まあこんな感じで日本の教育史を明治から簡潔にたどってみたのですが、以降は飛ばします。続いて「日本特有のイデオロギーと教育制度」について説明しましたが、これも省略して、次の「教育制度と日本社会の関連性」に移りますね。
日本社会にはこのような特徴があるよ
- 均質な社会
- 集団主義
- 単一的な文化
- 「周囲に合わせる」という発想
このような社会的特徴に親和的な思想は
- 父権主義、保守主義
逆に非親和的なのは
これらの日本に特徴的な社会的要素が教育制度にも反映されているよ
という説明をしました。このあたりの分析は自分でもぎこちない感じがしますが、授業でやった内容をなるべくたくさん盛り込む必要があったので……。なのであまり突っ込まないでくださいね。
以降も日本の社会の特徴についての解説を続けたのですが、そのあたりもスキップして、結論にいっちゃいましょう。
- 日本の教育制度は国家主義的・保守的だよ
- 主に儒教の影響を受けているよ(儒教といってもヨーロッパのみなさんにはなじみがないと思いますが、強いて言えばこないだ授業でやったプラトンの教育論にわりと近いかも)
- その厳格さについてはしばしば批判されるよ
- でも日本では「周囲に合わせる」ということが何よりも大切なことだと考えられているから、こういった教育制度は実はとても合理的なんだよ
- 「個人が大事にされない」ことなんて日本では大した問題だと思われていないよ。だって日本では個人の自由なんかより「社会の秩序に従うこと」のほうがずっと大事だからね
以上です。ご清聴ありがとうございました……と締めたわけですが、プレゼンテーションを聴いてくれた学生たちはおおむね「Ohhhh.......」という声が聞こえてきそうな感じの険しい表情を浮かべておりました(笑)

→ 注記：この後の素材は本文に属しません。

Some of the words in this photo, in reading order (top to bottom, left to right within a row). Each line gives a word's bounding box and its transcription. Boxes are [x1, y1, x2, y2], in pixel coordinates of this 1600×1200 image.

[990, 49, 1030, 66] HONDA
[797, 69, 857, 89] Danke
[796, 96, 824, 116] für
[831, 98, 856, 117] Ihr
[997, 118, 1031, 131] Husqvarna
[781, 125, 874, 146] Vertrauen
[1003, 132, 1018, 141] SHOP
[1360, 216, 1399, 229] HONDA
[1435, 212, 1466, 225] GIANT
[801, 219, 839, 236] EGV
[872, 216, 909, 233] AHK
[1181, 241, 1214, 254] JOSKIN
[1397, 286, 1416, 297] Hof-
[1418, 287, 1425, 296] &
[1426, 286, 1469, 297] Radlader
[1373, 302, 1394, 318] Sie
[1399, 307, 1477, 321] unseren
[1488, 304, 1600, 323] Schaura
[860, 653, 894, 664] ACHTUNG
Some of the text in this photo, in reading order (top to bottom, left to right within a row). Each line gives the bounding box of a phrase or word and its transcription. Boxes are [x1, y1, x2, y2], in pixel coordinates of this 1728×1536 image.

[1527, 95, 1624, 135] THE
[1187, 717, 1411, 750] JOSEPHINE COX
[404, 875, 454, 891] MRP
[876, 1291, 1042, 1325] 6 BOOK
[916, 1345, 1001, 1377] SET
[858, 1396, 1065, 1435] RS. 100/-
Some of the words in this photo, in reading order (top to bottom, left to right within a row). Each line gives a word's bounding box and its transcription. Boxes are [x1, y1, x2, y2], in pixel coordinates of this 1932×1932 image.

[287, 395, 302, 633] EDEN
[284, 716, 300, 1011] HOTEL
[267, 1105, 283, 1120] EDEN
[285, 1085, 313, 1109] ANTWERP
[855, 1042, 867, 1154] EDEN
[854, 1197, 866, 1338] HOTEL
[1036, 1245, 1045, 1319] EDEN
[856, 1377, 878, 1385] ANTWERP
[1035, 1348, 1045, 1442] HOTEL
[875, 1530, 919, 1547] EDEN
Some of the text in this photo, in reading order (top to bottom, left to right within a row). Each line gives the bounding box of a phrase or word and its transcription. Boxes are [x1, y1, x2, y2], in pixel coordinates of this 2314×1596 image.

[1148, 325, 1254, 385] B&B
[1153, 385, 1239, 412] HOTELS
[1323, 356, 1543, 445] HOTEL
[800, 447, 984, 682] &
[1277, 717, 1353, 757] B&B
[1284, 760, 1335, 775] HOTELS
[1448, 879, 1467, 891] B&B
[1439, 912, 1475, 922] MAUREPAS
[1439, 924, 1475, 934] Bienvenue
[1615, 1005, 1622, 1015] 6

それもそのはずで、わたしの番が来るまでの発表は「わたしの国では子どもたちの自由な才能を伸ばすために、このような先進的なカリキュラムを導入しています!」みたいなものばかりだったんですよ。
特にフィンランド人学生2人組(さきほど述べた『日本の校則』の部分で顔を歪めていた子を含む)の発表は興味深くて、「こんなに自由でのびのびとした、子どもたちの自主性を尊重する教育を行っているけれど、それでも学力は世界一!!」というフィンランドの制度については各国の学生たちが感銘を受けたようでした。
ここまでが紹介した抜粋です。